Job title: GPU Optimization Engineer
Job type: Permanent
Emp type: Full-time
Industry: Generative AI
Salary type: Annual
Salary: negotiable
Location: San Francisco, CA
Job published: 11/02/2026
Job ID: 34843

Job Description

GPU Optimisation Engineer — Real-Time Inference

Want to push GPU performance to its limits — not in theory, but in production systems handling real-time speech and multimodal workloads?

This team is building low-latency AI systems where milliseconds actually matter. The target isn’t “faster than baseline.” It’s sub-50ms time-to-first-token at 100+ concurrent requests on a single H100 — while maintaining model quality.

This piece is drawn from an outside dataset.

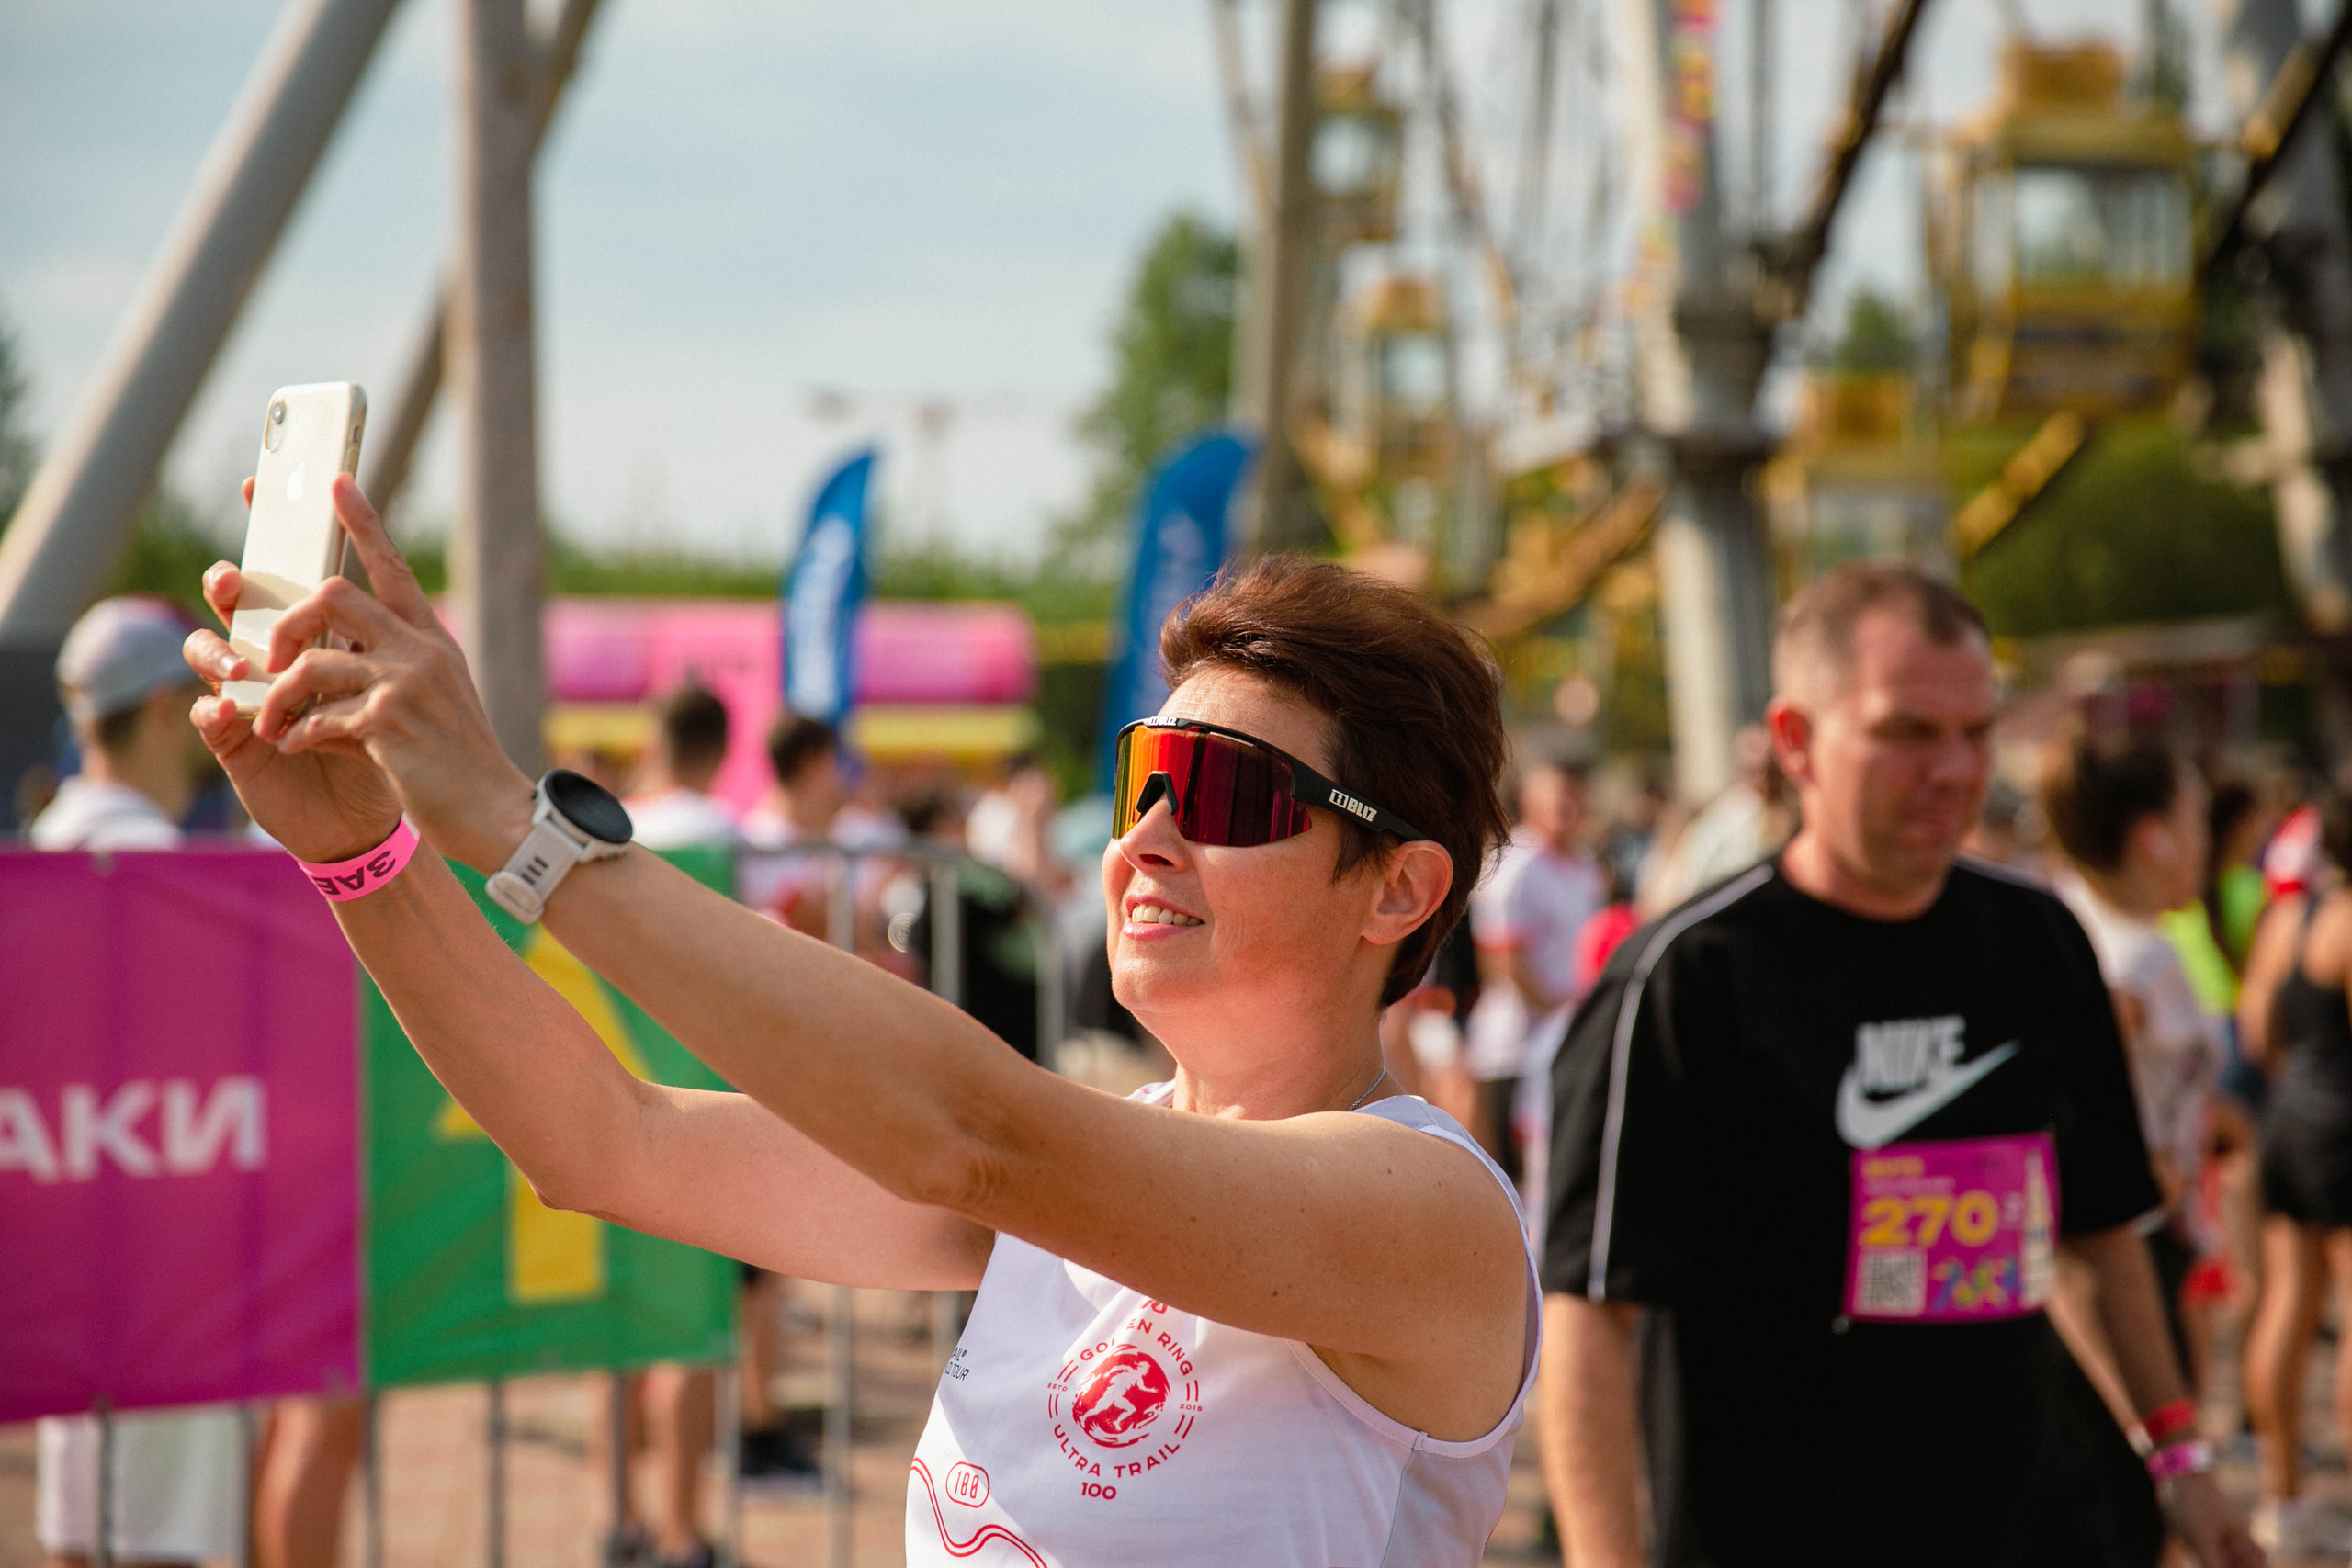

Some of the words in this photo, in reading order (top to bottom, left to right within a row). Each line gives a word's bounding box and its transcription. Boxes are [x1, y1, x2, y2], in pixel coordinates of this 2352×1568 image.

They’re hiring a GPU Optimisation Engineer who understands GPUs at an architectural level. Someone who knows where performance is really lost: memory hierarchy, kernel launch overhead, occupancy limits, scheduling inefficiencies, KV cache behaviour, attention paths. The work sits close to the metal, inside inference execution — not general infra, not model research.

You’ll operate across the kernel and runtime layers, profiling large-scale speech and multimodal models end-to-end and removing bottlenecks wherever they appear.

What you’ll work on

  • Profiling GPU bottlenecks across memory bandwidth, kernel fusion, quantisation, and scheduling

  • Writing and tuning custom CUDA / Triton kernels for performance-critical paths

  • Improving attention, decoding, and KV cache efficiency in inference runtimes

  • Modifying and extending vLLM-style systems to better suit real-time workloads

  • Optimising models to fit GPU memory constraints without degrading output quality

  • Benchmarking across NVIDIA GPUs (with exposure to AMD and other accelerators over time)

  • Partnering directly with research to turn new model ideas into fast, production-ready inference

This is hands-on optimisation work across the stack. No layers of bureaucracy. No “platform ownership” theatre. Just deep performance engineering applied to models that are actively evolving.

What tends to work well

  • Strong experience with CUDA and/or Triton

  • Deep understanding of GPU execution (memory hierarchy, scheduling, occupancy, concurrency)

  • Experience optimising inference latency and throughput for large generative models

  • Familiarity with attention kernels, decoding paths, or LLM-style runtimes

  • Comfort profiling with low-level GPU tooling

The company is revenue-generating, its models are used by global enterprises, and the SF R&D team is expanding following a recent raise. This is growth hiring, not backfill.

Package & location

  • Base salary: up to ~$300,000 (negotiable based on depth)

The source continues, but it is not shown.